Da man gerne dazu neigt, sich mit dem zu identifizieren, was einem am leichtesten fällt, kann man den absteigenden Mondknoten auch als Punkt des «Bildes» von sich selbst bezeichnen, das aber die falsche Persönlichkeit, die

Persona im Sinne G.G. Jungs, darstellt. Hier kann man auch die Verbindung vom Aszendenten zum Mondknoten sehen. Zu Beginn der Persönlichkeitsentwicklung zeigt der AC das Image, das Bild an, das man von sich macht, wie man gerne sein und gesehen werden will. Mit der Bewusstwerdung des aufsteigenden Mondknotens ändert sich auch die Bedeutung des AC. Er stellt nun das Ziel der Persönlichkeitsentwicklung, den «Weg von 1000 Meilen» dar, zu dem der Mondknoten der permanente 1. Schritt ist, und bei diesem Weg kommen die Sonnenkräfte zur Entfaltung. Bei Verharrung auf dem absteigenden Mondknoten wird diese «Reise» unterbrochen, man fällt reflexhaft in alte Gewohnheiten, die aber im ständigen Fluss des Lebens und seinen Veränderungen untauglich sind. Deshalb kommt es zu Auflösungen und Trennungen, damit durch diesen Schmerz der Mensch wachgerüttelt wird und weiter an seiner Entwicklung arbeitet, d.h. sich am aufsteigenden Mondknoten orientiert.
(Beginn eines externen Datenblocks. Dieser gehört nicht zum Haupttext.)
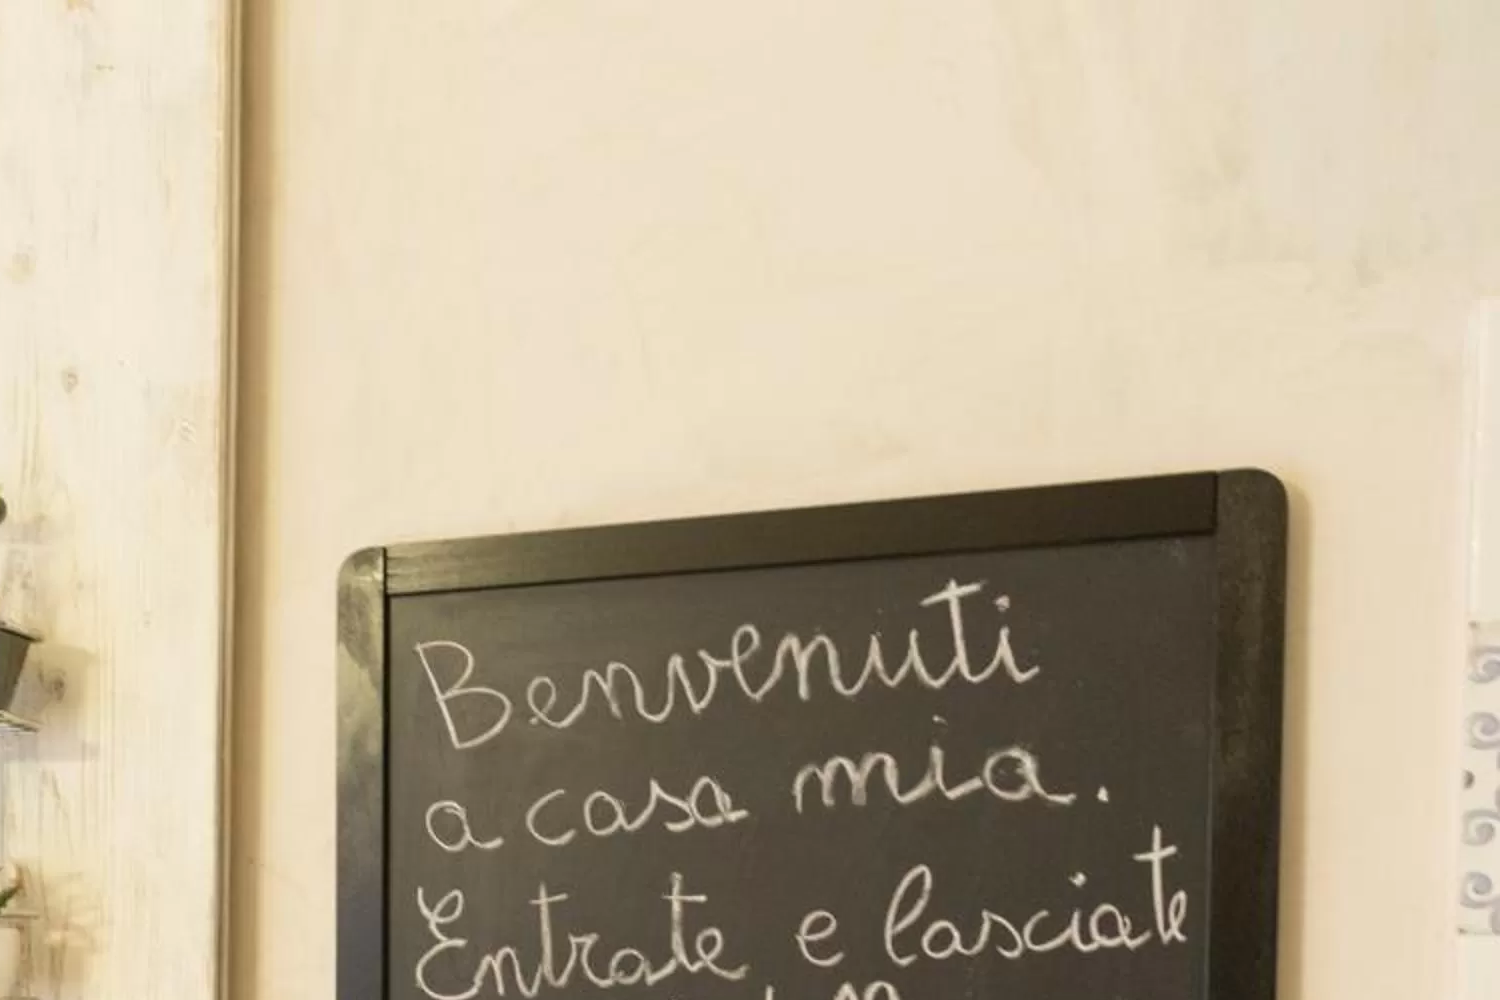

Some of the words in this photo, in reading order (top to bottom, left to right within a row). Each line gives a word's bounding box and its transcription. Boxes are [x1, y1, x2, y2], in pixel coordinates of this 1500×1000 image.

[415, 579, 1040, 749] Benvenuti
[425, 800, 504, 852] a
[526, 775, 749, 846] casa
[795, 909, 845, 967] e
[883, 825, 1188, 967] lasciate
Die Mondknotenlinie zeigt in Zeichen und Häusern eine permanente Thematik an, die im Individuationsprozess eine wichtige Rolle spielt, da sie Vergangenes, Erworbenes und Zukünftiges, noch zu Erwerbendes bewusst macht. Um auf diesen Prozess der Persönlichkeitsentwicklung und des Wachstums hinzuweisen, wird im Horoskop nur der aufsteigende Mondknoten eingezeichnet, damit wir immer den Weg nach vorne, zur Weiterentwicklung vor Augen haben.

In der Mondknotenlinie wird auch die Bedeutung verschiedener Schnittlinien in der Astrologie sichtbar, und ihre Verwandtschaft untereinander. Die Mondknotenlinie, Schnittlinie zwischen der Mond- und der Erdbahn, zeigt am nördlichen Mondknoten den ständigen 1. Schritt zur Persönlichkeitsentwicklung. Der Aszen-dent, Tag- und Nachtlinie, gebildet von der Sonnenbahn (Ekliptik) und dem Horizont (Erdrotation), zeigt die Zielrichtung der individuellen Entwicklung an. Der Frühlingspunkt, (Präzession, Tages- und Nachtgleiche), gebildet zwischen der Sonnenbahn und dem Himmelsäquator, gibt einen Anhaltspunkt über die Zielrichtung der kollektiven Entwicklung. Und in jedem Horoskop gibt es noch die Schnittpunkte zwischen dem innersten Zentrum und der Umwelt, den Häusern. Diese sind die jeweiligen Talpunkte. Alle diese Schnittpunkte sind Kreuzungen von Raum und Zeit, an ihnen finden Manifestationen bzw. Geburtsvorgänge statt, Prozesse des Werdens und Vergehens. Am Aszendent findet die körperliche Geburt statt, am Mondknoten das erste Erwachen, am Talpunkt oft eine Wandlungskrise.